1:30pm and they were coming to take Kevin to the OR. I was allowed to walk down the hallway with them towards the OR. They were kind enough to let me come inside the door, about 15 feet in. I was told at this point I could go no further and to say my goodbye. And at that, the OR team turned around to give us a private moment.... It was for sure the kiss of a lifetime, one I will never forget. As tears flowed down our faces, we said we loved each other. As I walked out of the door, I stared at him being wheeled further away... I was standing in the middle of the 6th floor hallway, my heart was racing and not knowing if he could even hear me I yelled "I LOVE YOU KEVIN!!!" He raised his hand up and yelled "I LOVE YOU".... he heard me.
Last picture of US, living with an LVAD

3:30pm my first update from the OR: Kevin's chest was open, the LVAD was turned off and he was on pulmonary bypass. His new heart was enroute .....

4:00pm his new heart was in the building...

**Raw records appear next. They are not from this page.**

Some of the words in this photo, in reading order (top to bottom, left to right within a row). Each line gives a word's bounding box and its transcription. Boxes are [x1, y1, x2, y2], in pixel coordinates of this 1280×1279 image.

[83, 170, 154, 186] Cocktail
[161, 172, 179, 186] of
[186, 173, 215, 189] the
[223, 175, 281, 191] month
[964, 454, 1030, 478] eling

5:30pm Melissa, the perfusionist in the OR with Kevin..whom by the way has been with Kevin in the OR before.... she came out to give me an update... Kevin's new heart was beating on its own. My friends Claire & Gina told me I must've asked her at least 25 times if she was sure that his heart was beating on its own .... her answer was yes every time. It had been nine very long months since that had happened and I can only tell you that for the next few minutes I cried in the arms of Claire & Gina. As the tears of happiness flowed I took great joy in telling both of Kevin's parents this fabulous news. After a few more phone calls, a swig of Scotch from a flask, and a happy dance in the 6th floor hallway...I ran to tell the  6th floor nurses, saw Jimmy, told him the good news, and he shared with everyone else.

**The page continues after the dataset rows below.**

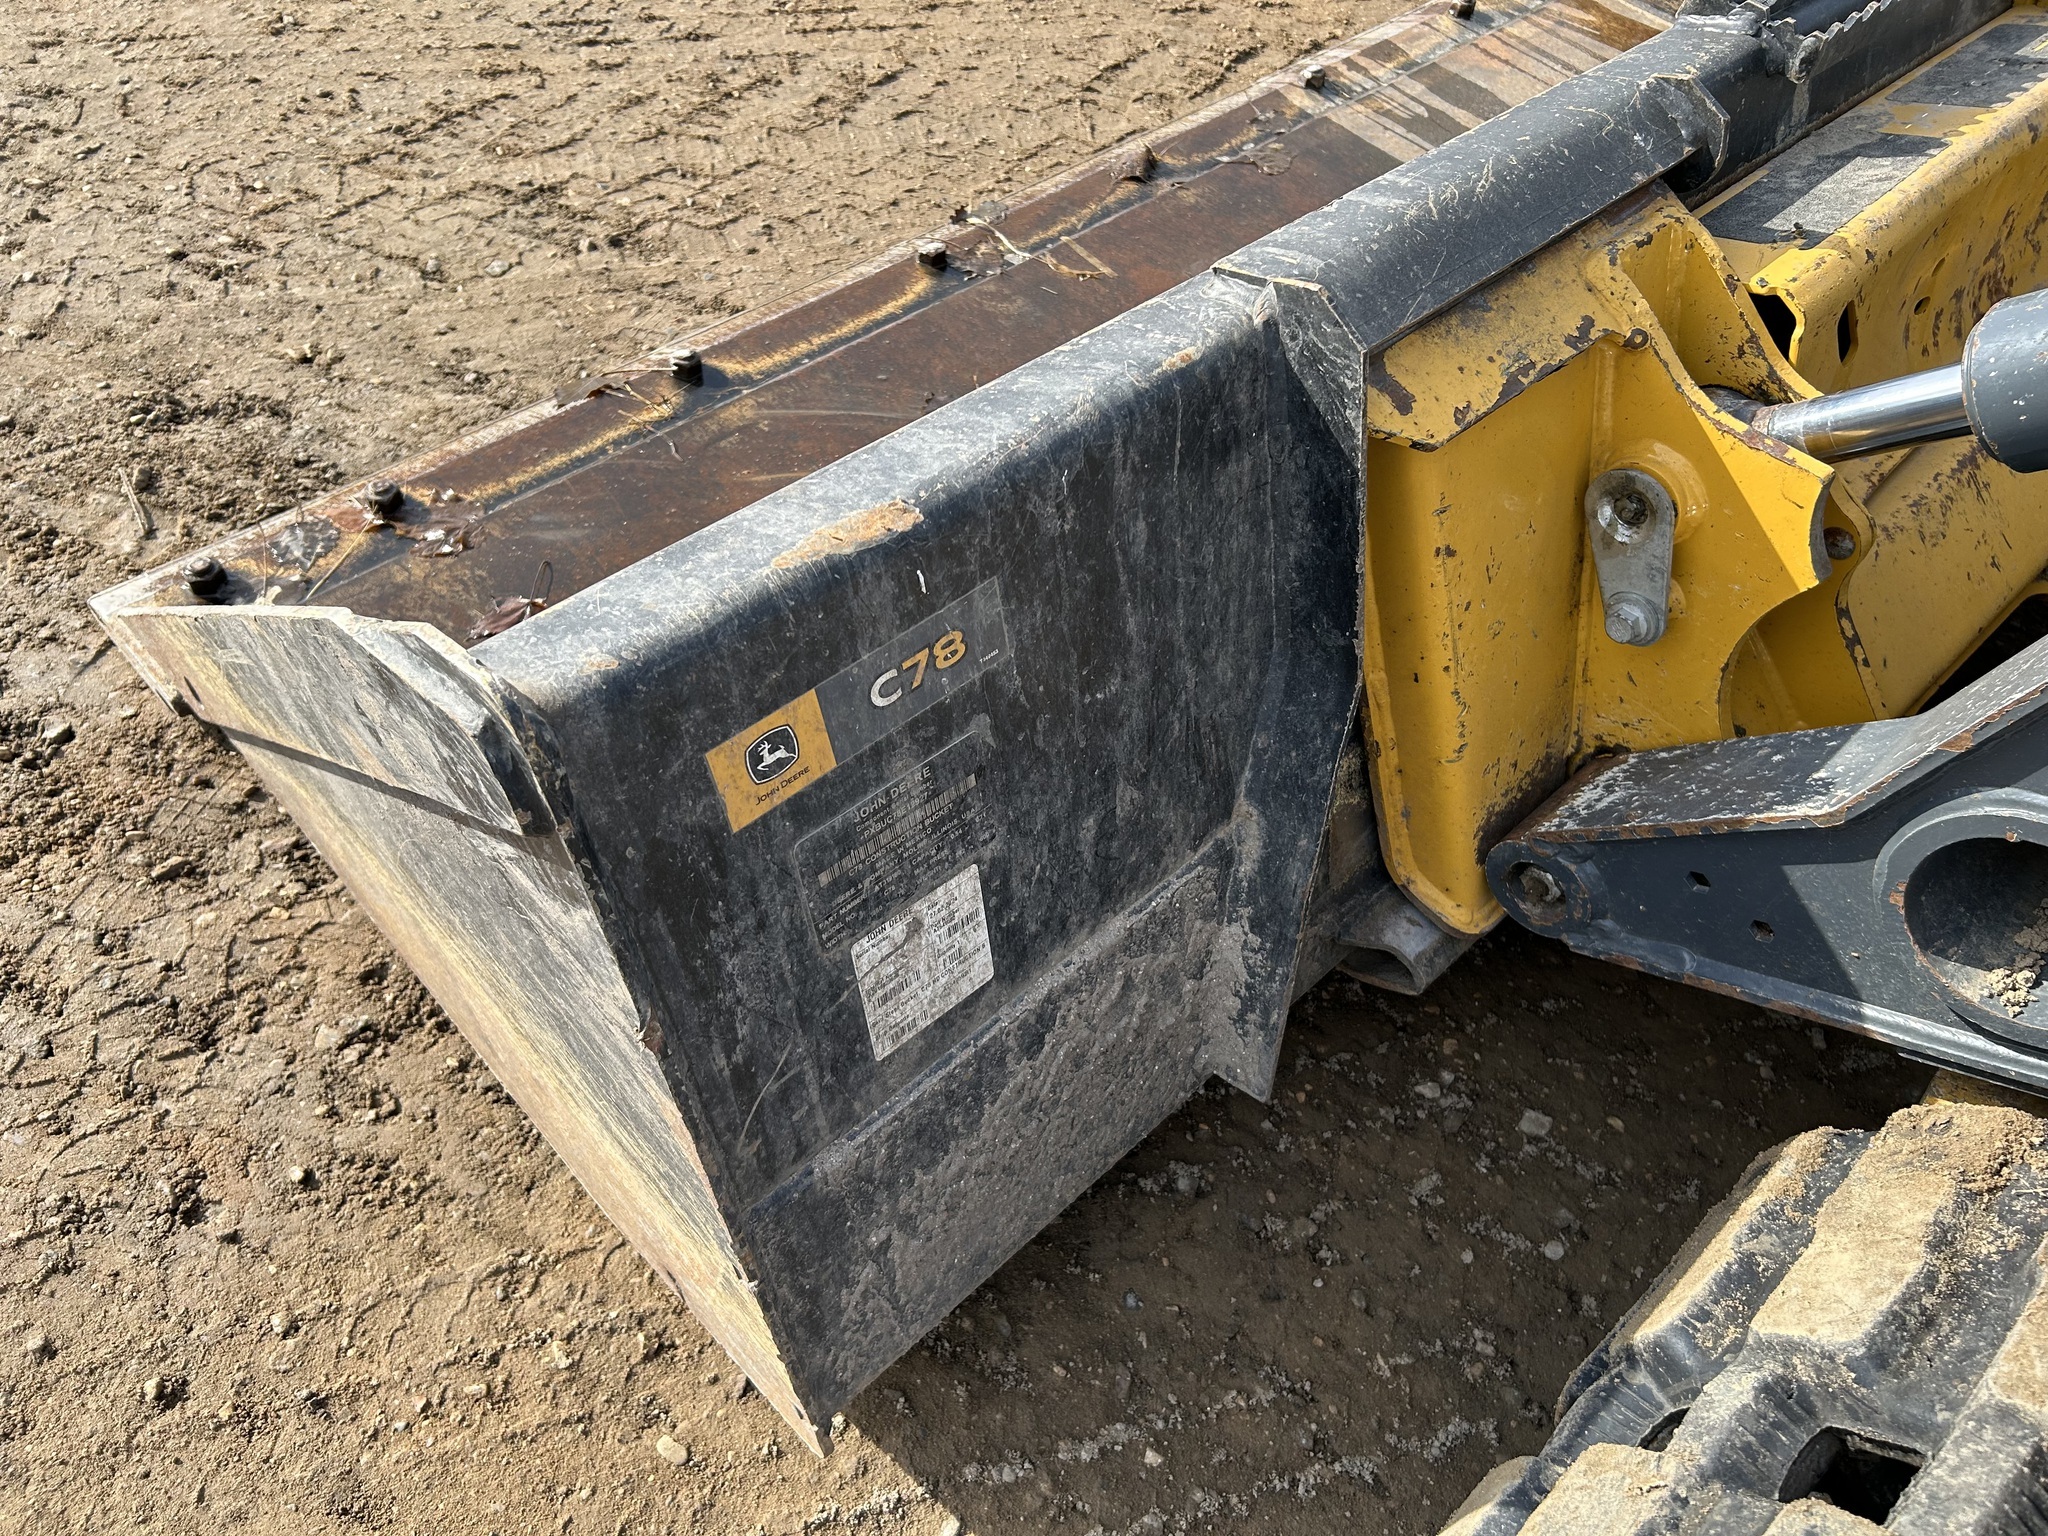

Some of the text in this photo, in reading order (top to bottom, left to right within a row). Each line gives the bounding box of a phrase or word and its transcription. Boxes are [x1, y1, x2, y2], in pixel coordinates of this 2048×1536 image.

[870, 629, 967, 708] C78
[753, 763, 811, 807] JOHN DEERE
[852, 765, 931, 823] JOHN DEERE
[848, 802, 953, 877] C78 CONSTRUCTION BUCKET
[905, 826, 932, 848] MEXICO
[865, 923, 886, 944] JOHN
[888, 905, 913, 927] DEERE

7:15pm The doctor came out to tell me Kevin did wonderful, was on his way to the CSICU, and I said thank you and gave him a really BIG hug!

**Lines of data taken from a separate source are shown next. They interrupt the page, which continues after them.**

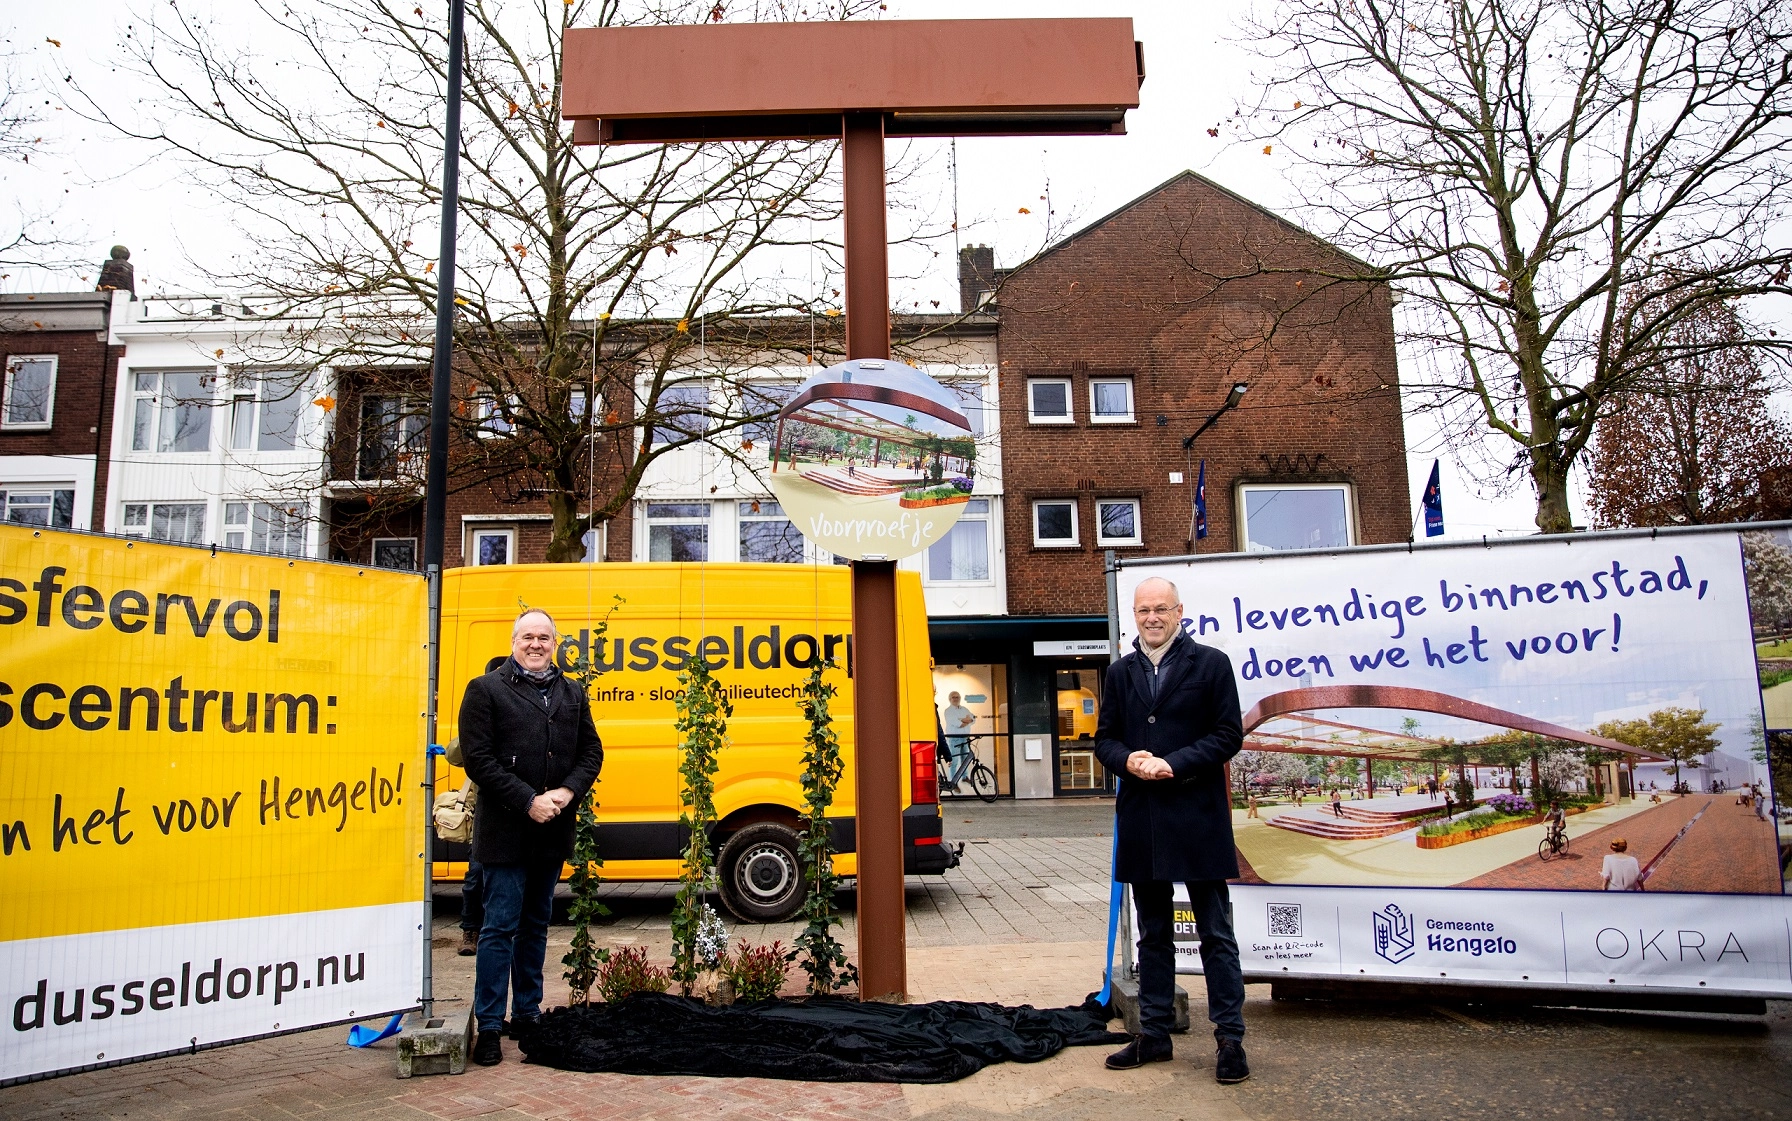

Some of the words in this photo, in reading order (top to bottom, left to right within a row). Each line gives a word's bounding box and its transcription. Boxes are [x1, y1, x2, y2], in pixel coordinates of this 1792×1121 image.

[810, 512, 934, 547] Voorproefje
[0, 565, 280, 643] sfeervol
[1180, 614, 1220, 636] en
[1233, 588, 1427, 639] levendige
[1439, 555, 1708, 613] binnenstad,
[555, 624, 853, 679] dusseldor
[1241, 647, 1335, 681] doen
[1349, 647, 1410, 673] we
[1422, 625, 1489, 669] het
[1505, 612, 1622, 661] voor!
[597, 687, 634, 701] infra
[649, 686, 686, 701] sloo
[715, 682, 838, 699] milieutechk
[53, 787, 134, 852] het
[152, 791, 242, 835] voor
[260, 763, 404, 832] Hengelo!
[1174, 922, 1197, 934] OET
[1426, 919, 1495, 932] Gemeente
[1252, 943, 1271, 952] Scan
[1274, 941, 1283, 950] de
[1275, 951, 1291, 960] lees
[1427, 933, 1517, 956] Hengelo
[1595, 926, 1750, 963] OKRA
[13, 951, 366, 1031] dusseldorp.nu

From start to finish, they were by my side.

About two hours later I saw Kevin in the CSICU, still sedated of course from surgery, and it was the first time he was without the LVAD. He had color in his face. He was doing wonderful. The surgery went really well. I walked into the waiting room to see all of my dear friends that have been on this journey with us... the ones that started this LVAD journey in the ICU waiting room back in October... how wonderful to end it with the exact same people. It was, without a doubt, a moment to remember. And from that moment on...my perspective of living with an LVAD ended.